I taught a Splash! class at Stanford this weekend with my colleagues Shaila Musharoff and Sandeep Venkataram on “A Brief Introduction on Population Genetics“, geared at students in grades 9-12. This was the fourth time we taught this class together.  In the class, we covered basic concepts from Hardy-Weinberg equilibrium and demonstrated how allele frequencies change as a consequence of various factors such as small population sizes, demographic events, and selection events. We illustrated these concepts using a game, as well as several examples from the literature, videos available online, and, some of my own 23&Me results.

In case you are curious, I am pasting below some links to movies that I think are particularly fun to watch. Thanks to Pleuni Pennings for sharing some of these on her website.

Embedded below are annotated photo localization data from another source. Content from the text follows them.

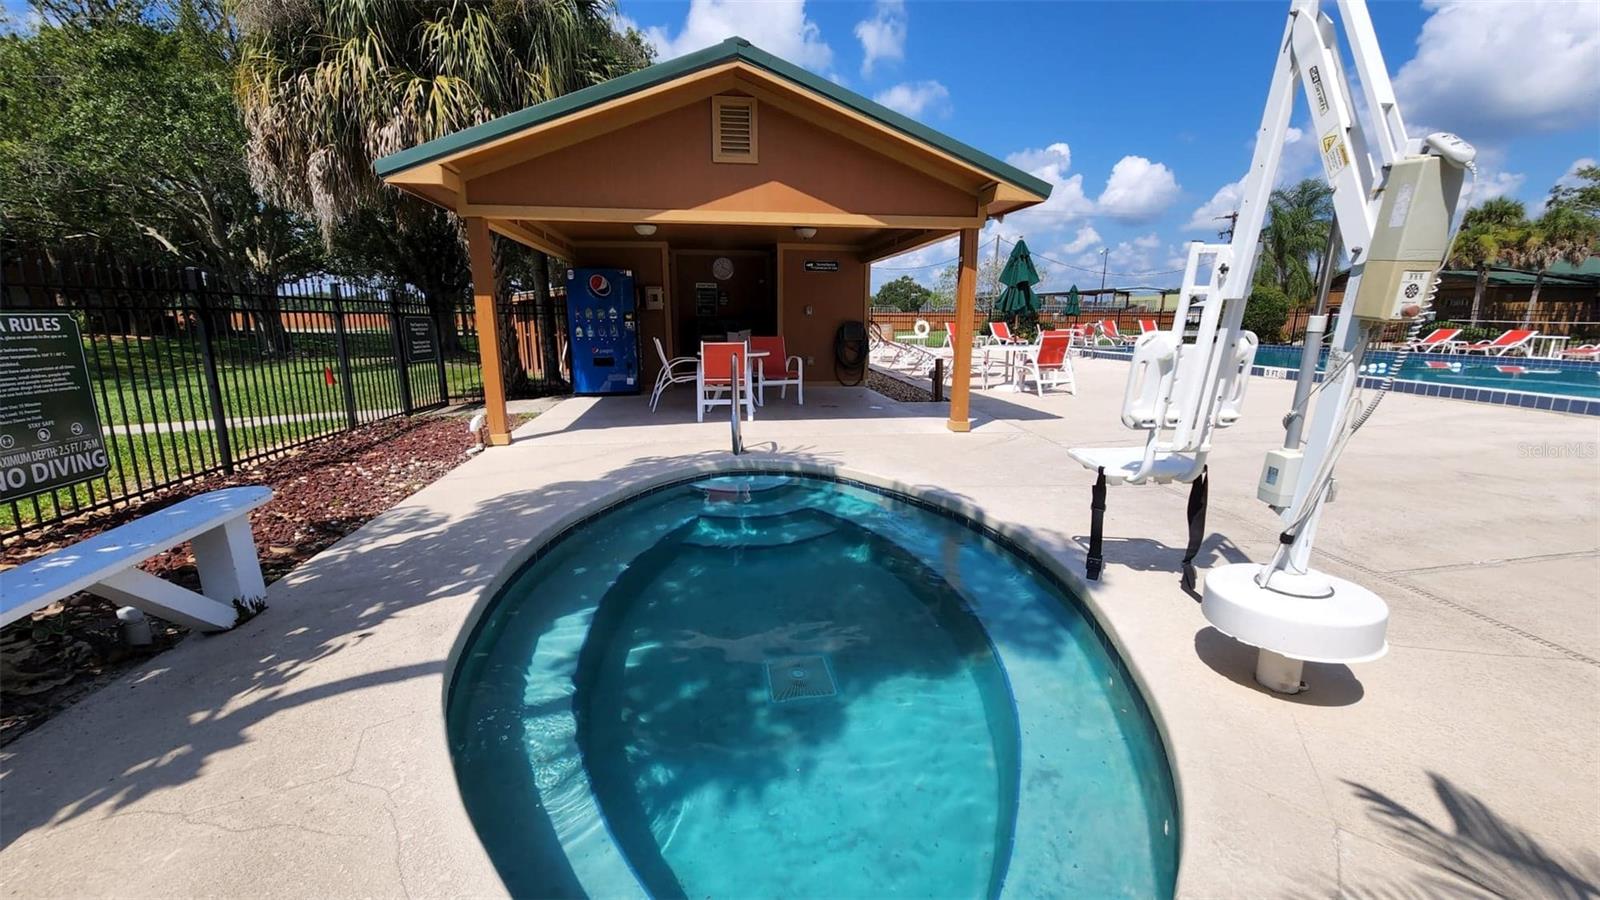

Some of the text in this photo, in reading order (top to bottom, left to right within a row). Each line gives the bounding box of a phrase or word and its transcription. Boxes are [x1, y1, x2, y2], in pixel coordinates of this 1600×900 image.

[8, 317, 61, 332] RULES
[31, 447, 59, 462] DEPTH:
[59, 445, 70, 456] 2.5
[71, 443, 79, 453] FT
[30, 449, 108, 484] DIVING

I particularly enjoyed the videos about lactase persistence and about Darwin’s voyage. See the links on Pleuni’s website.
http://pleunipennings.wordpress.com/film-project/
Here are some videos from 23&Me about human out-of-africa history.
This particularly well made video of Wallace by the New York Times sheds light on an important scientist’s career and the scientific process.

Stanford BioCore Explorations Class on Rapid Adaptation

This week, as part of the Stanford Biocore curriculum for undergraduates, I taught a mini course with my lab-mate, Ben Wilson, on rapid adaptation. This course was geared toward first and second year Stanford undergraduate students focusing on key concepts that Ben and I study in our research including the definition of a hard and soft sweep, the relationship between population size and the rate of adaptation, as well as applications in drug resistance in HIV and Drosophila.

Here is the abstract for the course:

Astonishing examples of adaptation by natural selection inspire many of us to study the mysteries of biology, but how do these adaptations get there? Exactly how does HIV evolve resistance to antiretroviral drugs? Or how did humans gain the ability to consume milk from other mammals long after we finish weaning? The process of adaptation—perhaps the most fundamental process of evolution—can be surprisingly complex, so we will use several case examples, candy games, videos, and computer demonstrations to understand how adaptation occurs.